(Annotated photo localization data)
>>>

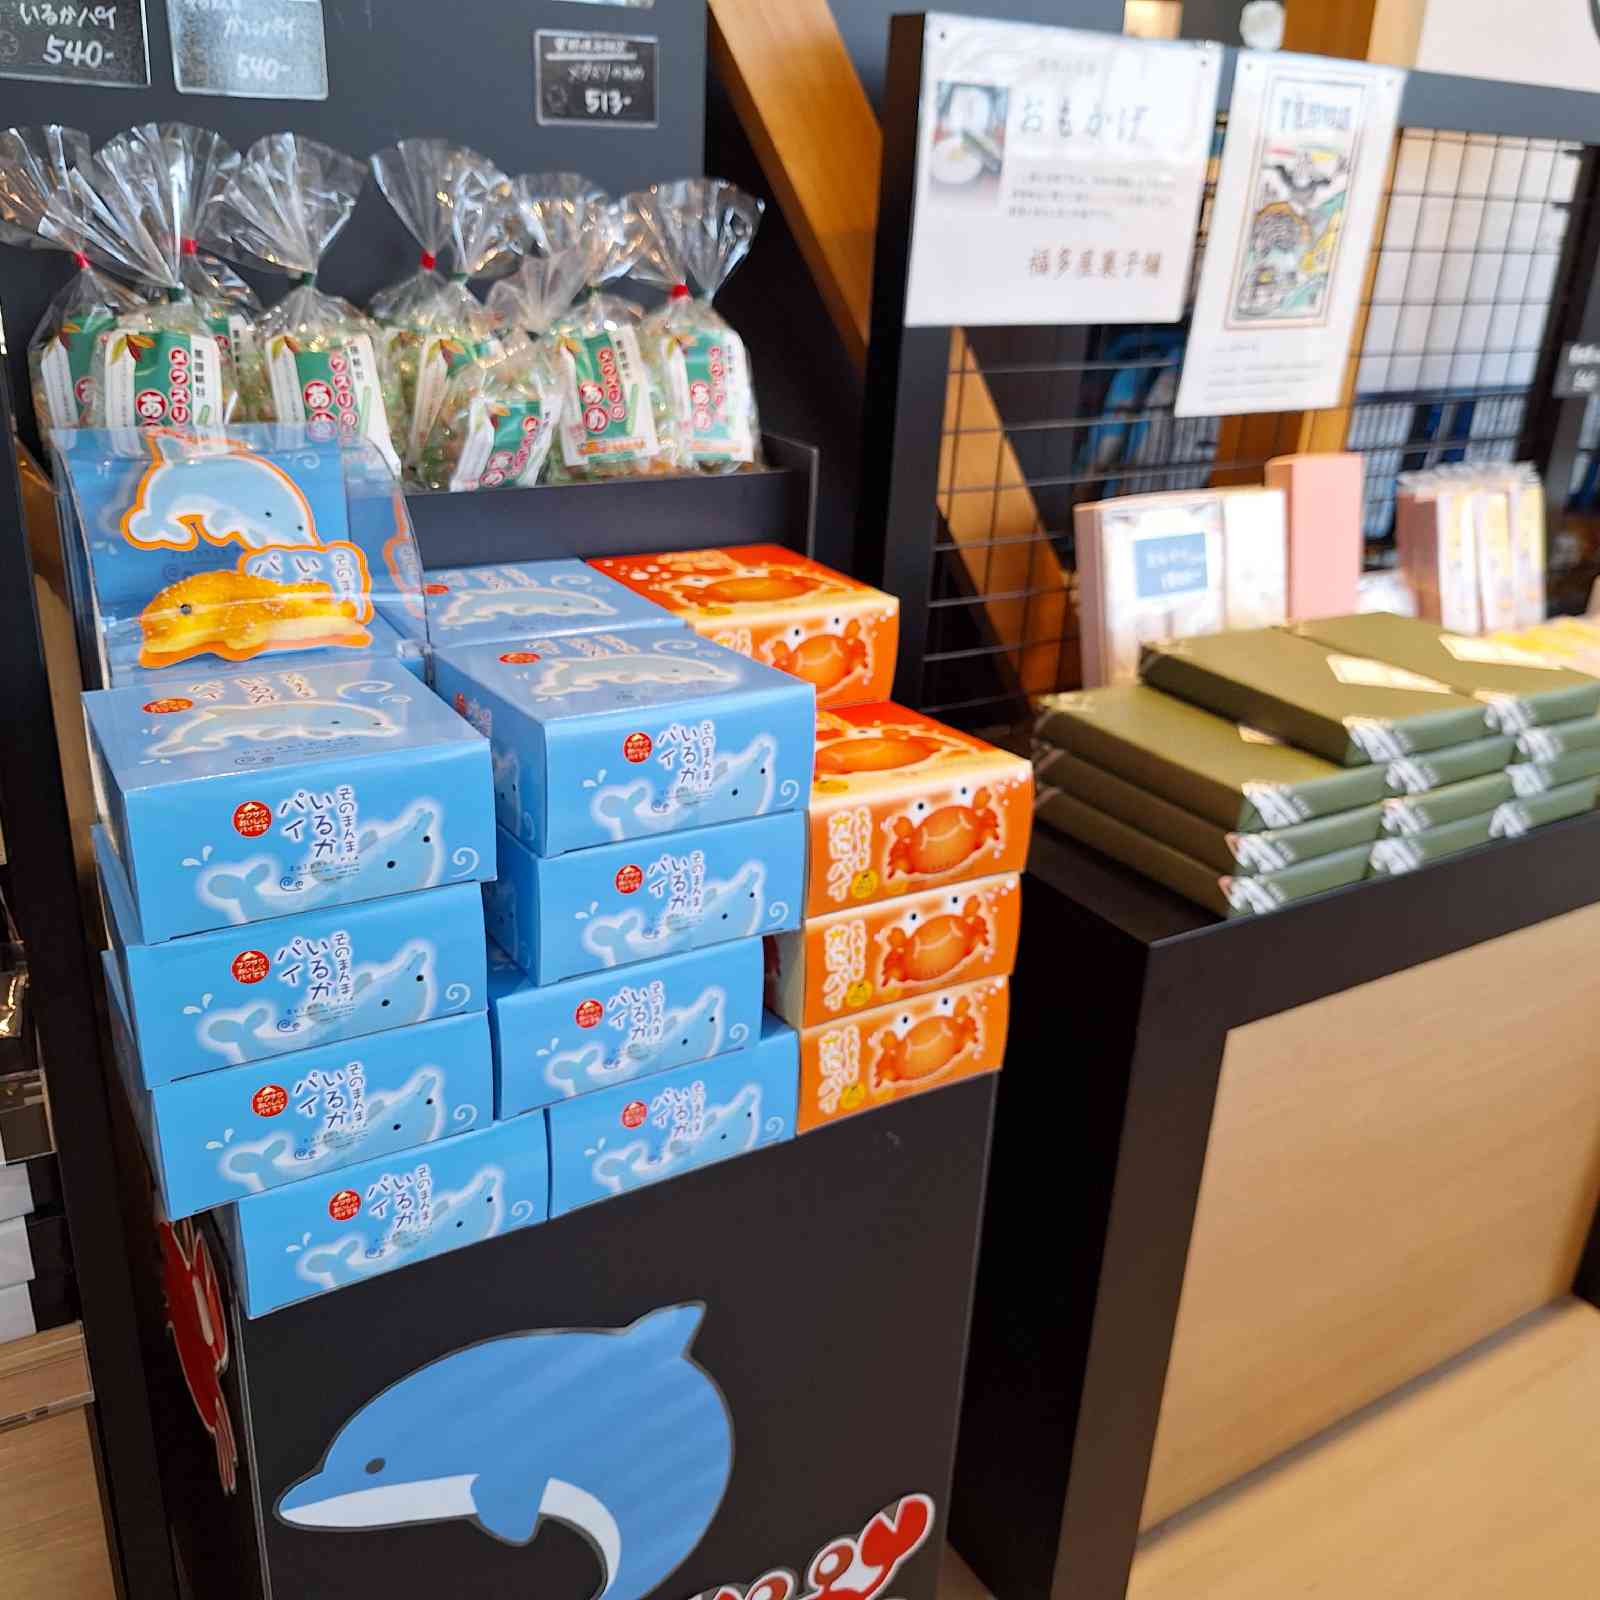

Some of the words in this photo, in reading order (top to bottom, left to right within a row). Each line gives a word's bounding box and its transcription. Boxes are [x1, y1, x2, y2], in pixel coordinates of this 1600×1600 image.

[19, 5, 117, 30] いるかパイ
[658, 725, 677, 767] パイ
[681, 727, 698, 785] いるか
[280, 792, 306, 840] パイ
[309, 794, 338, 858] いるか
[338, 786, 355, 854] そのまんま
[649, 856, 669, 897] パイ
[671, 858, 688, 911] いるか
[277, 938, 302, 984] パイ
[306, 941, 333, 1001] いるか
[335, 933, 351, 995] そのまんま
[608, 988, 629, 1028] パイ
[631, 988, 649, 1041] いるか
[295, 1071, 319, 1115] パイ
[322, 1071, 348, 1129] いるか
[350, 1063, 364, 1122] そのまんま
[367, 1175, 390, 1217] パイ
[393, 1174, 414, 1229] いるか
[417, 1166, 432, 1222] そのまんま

<<<

## [Your goal]
Could the data above be copied out exactly, with no pictures kept?

## [Finished exercise]
Some of the words in this photo, in reading order (top to bottom, left to right within a row). Each line gives a word's bounding box and its transcription. Boxes are [x1, y1, x2, y2], in pixel coordinates of this 1600×1600 image.

[19, 5, 117, 30] いるかパイ
[658, 725, 677, 767] パイ
[681, 727, 698, 785] いるか
[280, 792, 306, 840] パイ
[309, 794, 338, 858] いるか
[338, 786, 355, 854] そのまんま
[649, 856, 669, 897] パイ
[671, 858, 688, 911] いるか
[277, 938, 302, 984] パイ
[306, 941, 333, 1001] いるか
[335, 933, 351, 995] そのまんま
[608, 988, 629, 1028] パイ
[631, 988, 649, 1041] いるか
[295, 1071, 319, 1115] パイ
[322, 1071, 348, 1129] いるか
[350, 1063, 364, 1122] そのまんま
[367, 1175, 390, 1217] パイ
[393, 1174, 414, 1229] いるか
[417, 1166, 432, 1222] そのまんま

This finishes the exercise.